Il messaggio del parlamentare M5S



25 Aprile, tra tutte le Feste Nazionali è la più importante.
Stamattina sono sui luoghi simbolo barlettani di tale ricorrenza: il Castello, per ricordare gli atti di eroica resistenza nostrana all’occupazione tedesca del ‘43, e piazza Caduti, per commemorare il barbaro eccidio dei martiri del 12 settembre 1943, compiuta per mano nazista. Sono le due Medaglie d’oro al Valore Militare e Civile che, con nostro grande orgoglio, brillano sullo stemma di Barletta.
Oggi ricordiamo la Liberazione dell’Italia dal nazi-fascismo; commemoriamo tutti coloro che sono stati perseguitati dagli infausti regimi dittatoriali, che hanno determinato il periodo più buio dell’umanità; onoriamo chi ha combattuto, anche fino all’estremo sacrificio, per resistere agli oppressori; celebriamo la Libertà che gli Eroi della Resistenza ci hanno donato; festeggiamo la Democrazia di cui oggi godiamo, fondata sulla Costituzione Italiana.
Dice Calamandrei, uno dei padri costituenti: Se voi volete andare in pellegrinaggio nel luogo dove è nata la nostra costituzione, andate nelle montagne dove caddero i partigiani, nelle carceri dove furono imprigionati, nei campi dove furono impiccati. Dovunque è morto un italiano per riscattare la libertà e la dignità, andate lì, o giovani, col pensiero perché lì è nata la nostra costituzione.”

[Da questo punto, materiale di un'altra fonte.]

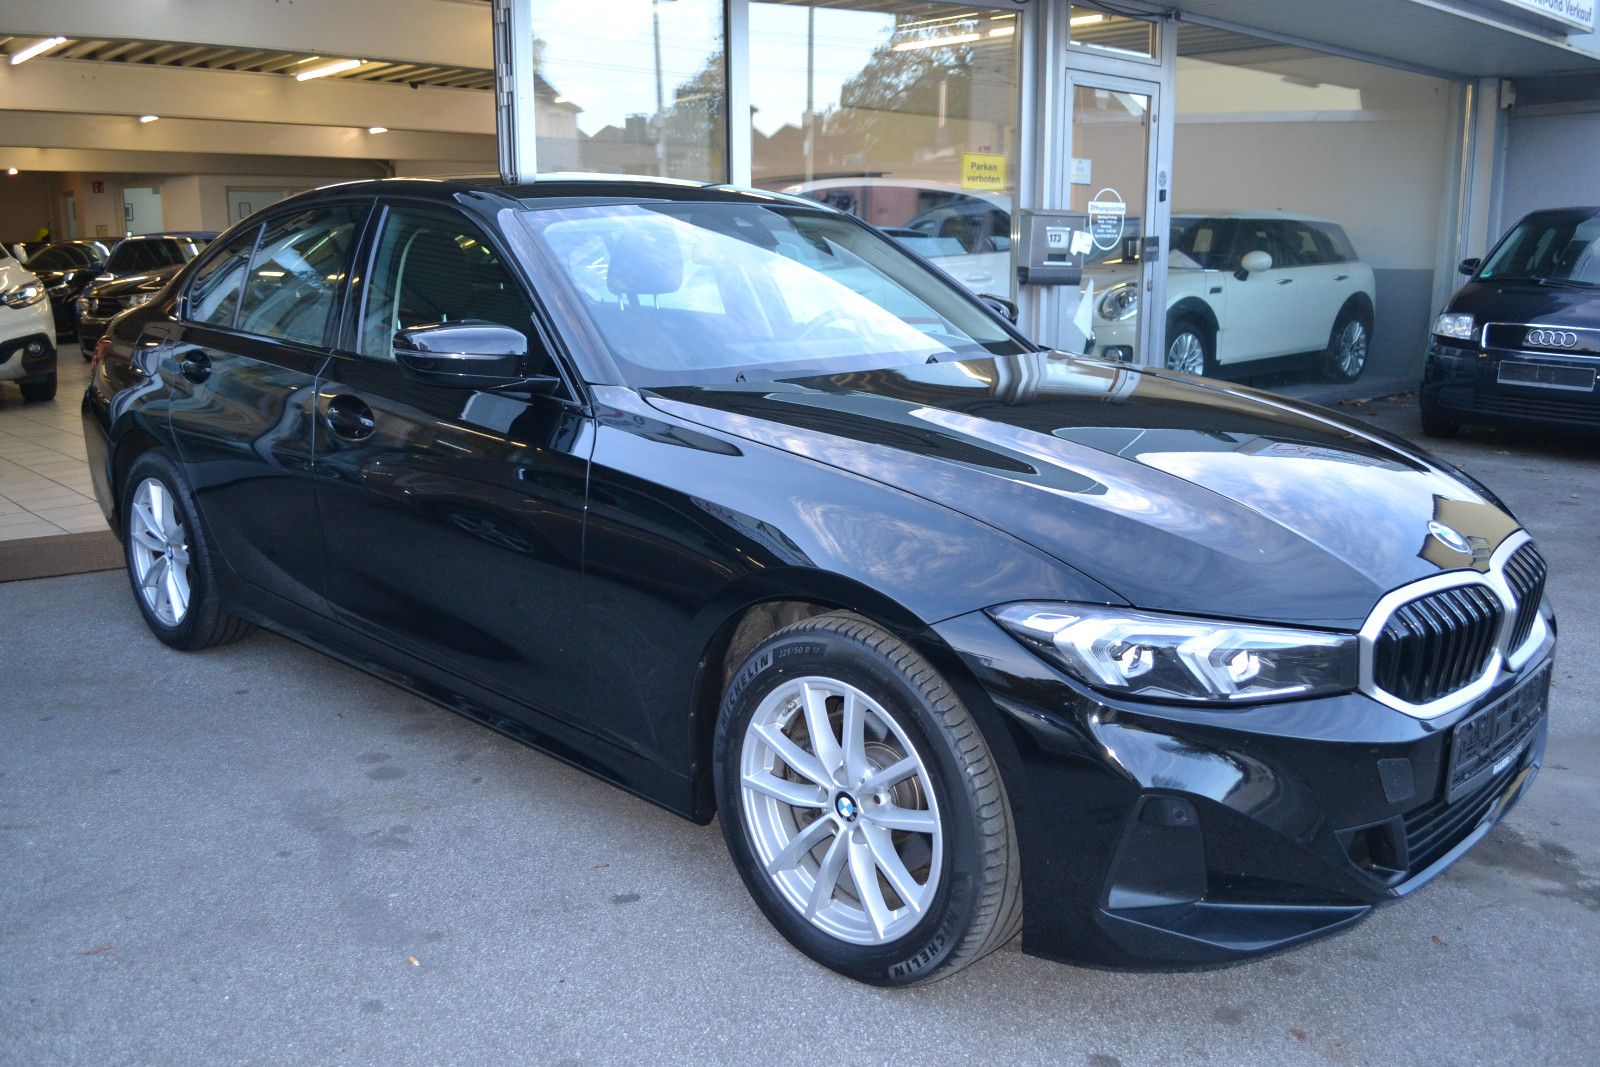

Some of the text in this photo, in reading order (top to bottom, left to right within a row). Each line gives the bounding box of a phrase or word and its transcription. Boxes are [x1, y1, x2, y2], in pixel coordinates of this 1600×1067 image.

[1565, 0, 1593, 22] Verkauf
[970, 161, 998, 171] Parken
[966, 174, 1001, 183] verboten
[1050, 233, 1062, 243] 173
[719, 653, 769, 730] MICHELIN
[893, 911, 959, 978] MICHELIN

Ma non possiamo limitarci solo alla memoria, pur necessaria. Oggi deve anche essere il giorno dell’impegno, per valorizzare l’eredità, impregnata di sangue, che la Resistenza ci ha consegnato. Impegno per rafforzare ogni giorno di più la Libertà e la Giustizia, in Italia, nelle comunità cittadine, nei luoghi di lavoro, nei nostri ambiti privati.

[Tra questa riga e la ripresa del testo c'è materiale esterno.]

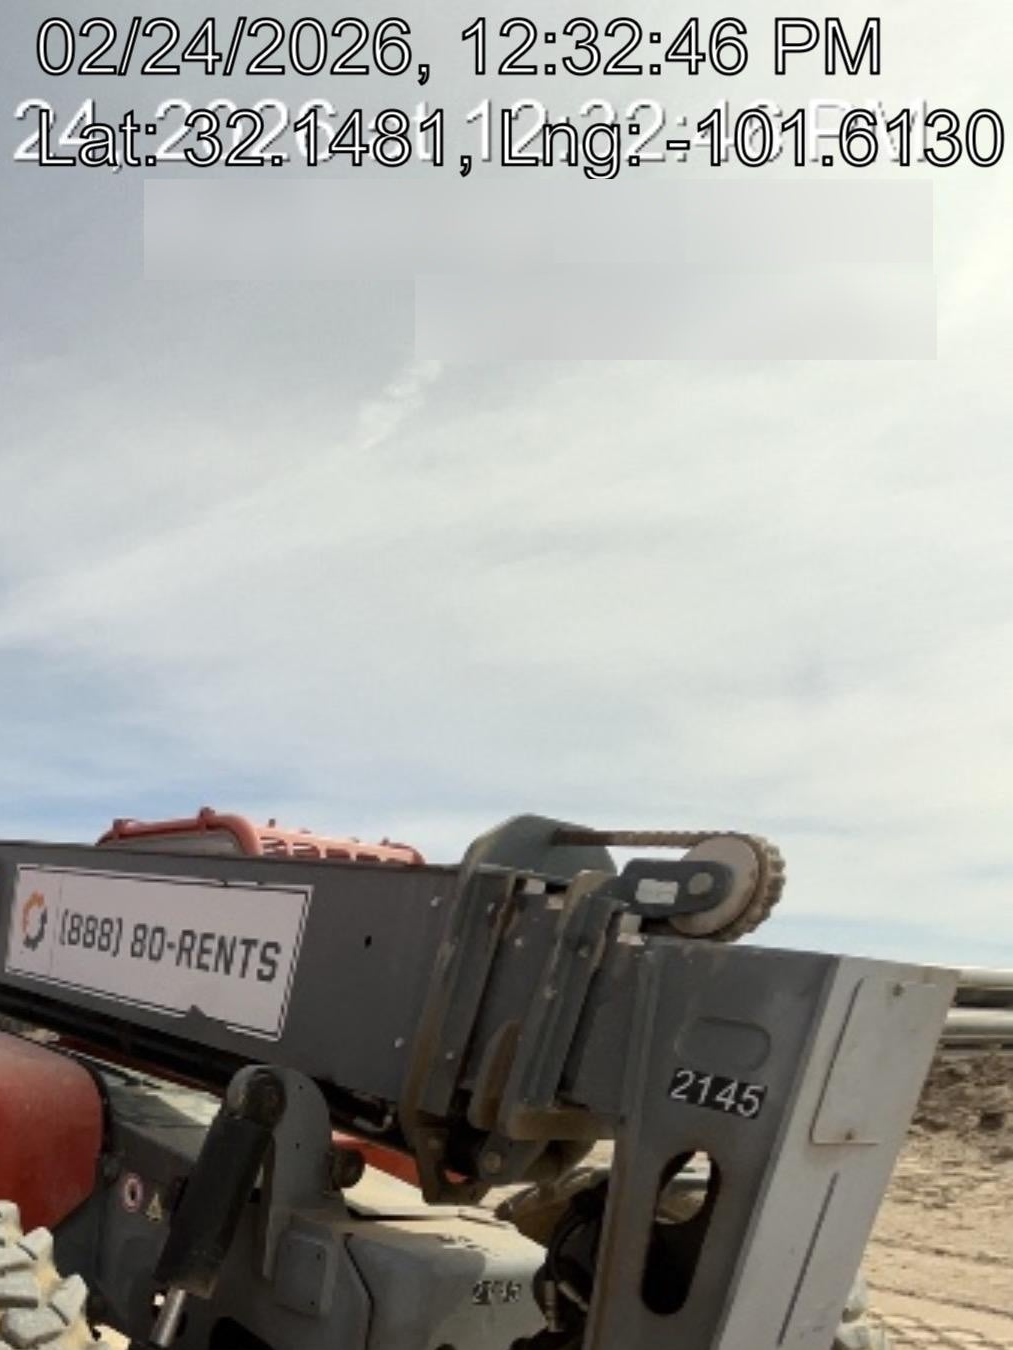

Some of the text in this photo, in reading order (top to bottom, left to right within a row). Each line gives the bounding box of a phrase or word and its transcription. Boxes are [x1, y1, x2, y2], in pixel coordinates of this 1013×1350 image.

[59, 908, 283, 983] (888) 80-RENTS
[670, 1069, 764, 1117] 2145

Come Senatore, tale impegno lo sento moltiplicato, ancor più a causa di maldestri tentativi politici di sminuire la gloriosa chiamata allo “Sciopero generale contro l’occupazione tedesca, contro la guerra fascista, per la salvezza delle nostre terre, delle nostre case, delle nostre officine” che Sandro Pertini proclamò il 25 aprile 1945!
Il più amato Presidente, in un epico discorso in parlamento, che con molta umiltà faccio mio, per tale ricorrenza disse: “Siamo qui per riaffermare la vitalità attuale e perenne degli ideali che animarono la nostra lotta. Questi ideali sono la libertà e la giustizia sociale, che - a mio avviso - costituirono un binomio inscindibile, l'un termine presuppone l'altro; non può esservi vera libertà senza giustizia sociale e non si avrà mai vera giustizia sociale senza libertà. E sta precisamente al Parlamento adoperarsi senza tregua perché soddisfatta sia la sete di giustizia sociale della classe lavoratrice. La libertà solo così riposerà su una base solida, la sua base naturale, e diverrà una conquista duratura ed essa sarà sentita, in tutto il suo alto valore, e considerata un bene prezioso inalienabile dal popolo lavoratore italiano.”
Sono convinto che tali parole debbano riecheggiare per sempre, tutti i giorni e per tutti i 25 Aprile, fino all’eternità!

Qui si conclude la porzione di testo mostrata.